Increasing evidences have revealed the relationship between diabetes and vascular calcification (16). It has been reported that the prevalence of VC in diabetic patients is higher than that in non-diabetic patients, which may be due to the presence of more risk factors in such a population. In a study of 101 non-dialysis stage 5 CKD patients, the undialyzed stage 5 CKD patients with diabetes have higher prevalence rate and more severity of vascular calcification than those without diabetes. Age and diabetes were independent risk factors for vascular calcification in non-dialysis stage 5 CKD patients,which is consistent with our findings (17). The pathogenesis of VC is a highly complex and cell-regulated process. Mechanistic studies of VC have focused on calcium and phosphorus homeostasis, release of calcifying vesicles, changes in extracellular matrix, loss of inhibition, and cell differentiation. Zhang et al (18) have revealed that impaired intracellular calcium homeostasis enhances protein O-GlcNAcylation and promotes vascular calcification and stiffness in diabetes. Moreover, Kay et al (19) have found the role of AGE/RAGE signaling in diabetes-mediated VC. Thus, diabetes can be used as an independent risk factor for VC in patients with CKD, which may provides clinical evidence for the influencing factors of CAC in HD patients.

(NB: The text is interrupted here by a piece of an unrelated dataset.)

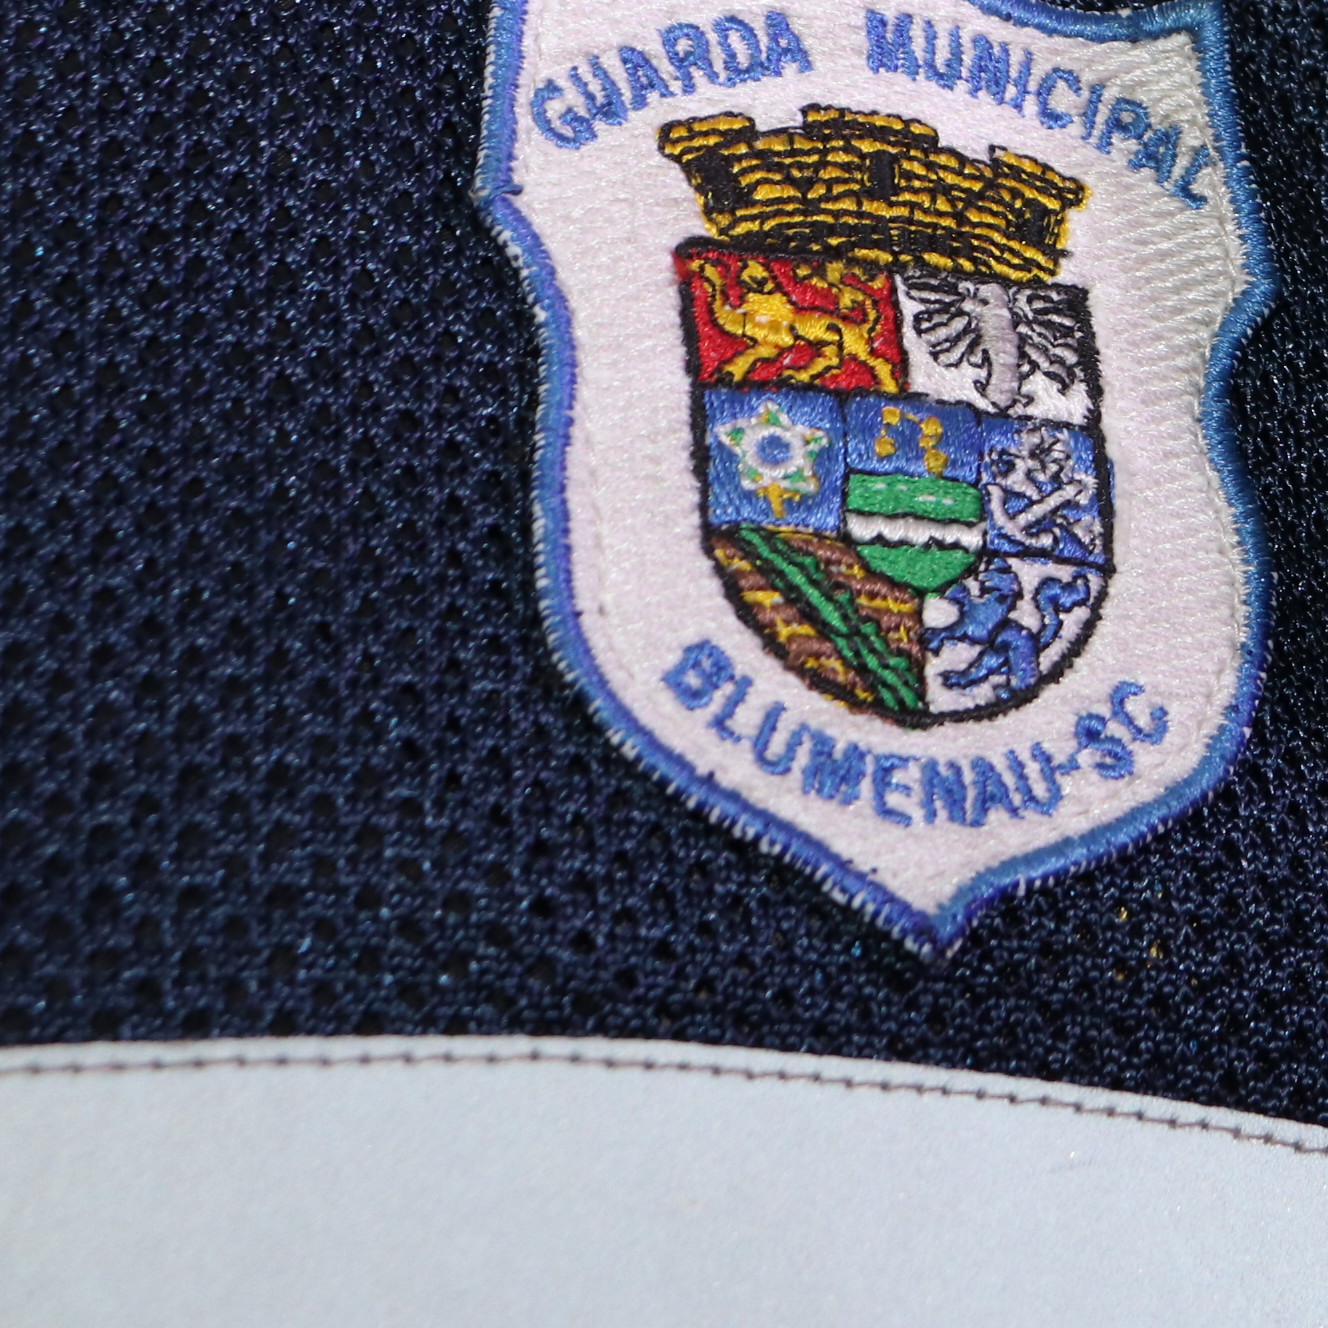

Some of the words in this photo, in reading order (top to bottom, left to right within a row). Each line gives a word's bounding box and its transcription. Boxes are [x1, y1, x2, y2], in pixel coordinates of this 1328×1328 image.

[531, 11, 813, 150] GUARDA
[866, 9, 1209, 209] MUNICIPAL
[661, 639, 1169, 827] BLUMENAU-SC

Red blood cells are the main particulate components of circulating blood, which play an important role in physiological hemodynamics and participate in the lesions of arterial wall. Currently, there is rare study focused on the relationship between RBC and vascular calcification (20–21). Meanwhile, vascular calcification in patients with CKD is common, and EPO is widely applied for renal anemia in patients with CKD treatment. Previous researches also speculated that RBCs collide with the arterial wall and release heme-Fe + + with a high toxicity for arterial cells, including endothelial and smooth muscle cells (SMCs) cardiomyocytes, as well as neuron(20). Therefore, based on these findings, we concluded that there may be a vicious circle between calcifications and RBC/iron, which promotes exponential development of both valvular and vascular calcifications in association with CV risk factors, including aging, tobacco, and dyslipidemia. Report from Tziakas, D.N.et.al (22) showed that, isolated RBC membranes are able to promote vascular calcifications, independently of hemoglobin and depending on NO release by membranes. Membranes from RBCs deficient in NO synthase have limited procalcifying effects.
Our clinical data supported this point in HD patient. To our knowledge, this is the first study to investigate the association between RBC and calcification in HD patients. Our research indicated that the level of red blood cell count was positively correlated with the risk of CAC in HD patients.
In conclusion, we firstly found a correlation between serum red blood cell levels and vascular calcification in maintenance hemodialysis patients. Besides, diabetes plays a vital role in CAC in HD patients. Nevertheless,this study was a single-center study with a relatively small sample size, and future larger studies are needed to verify our findings.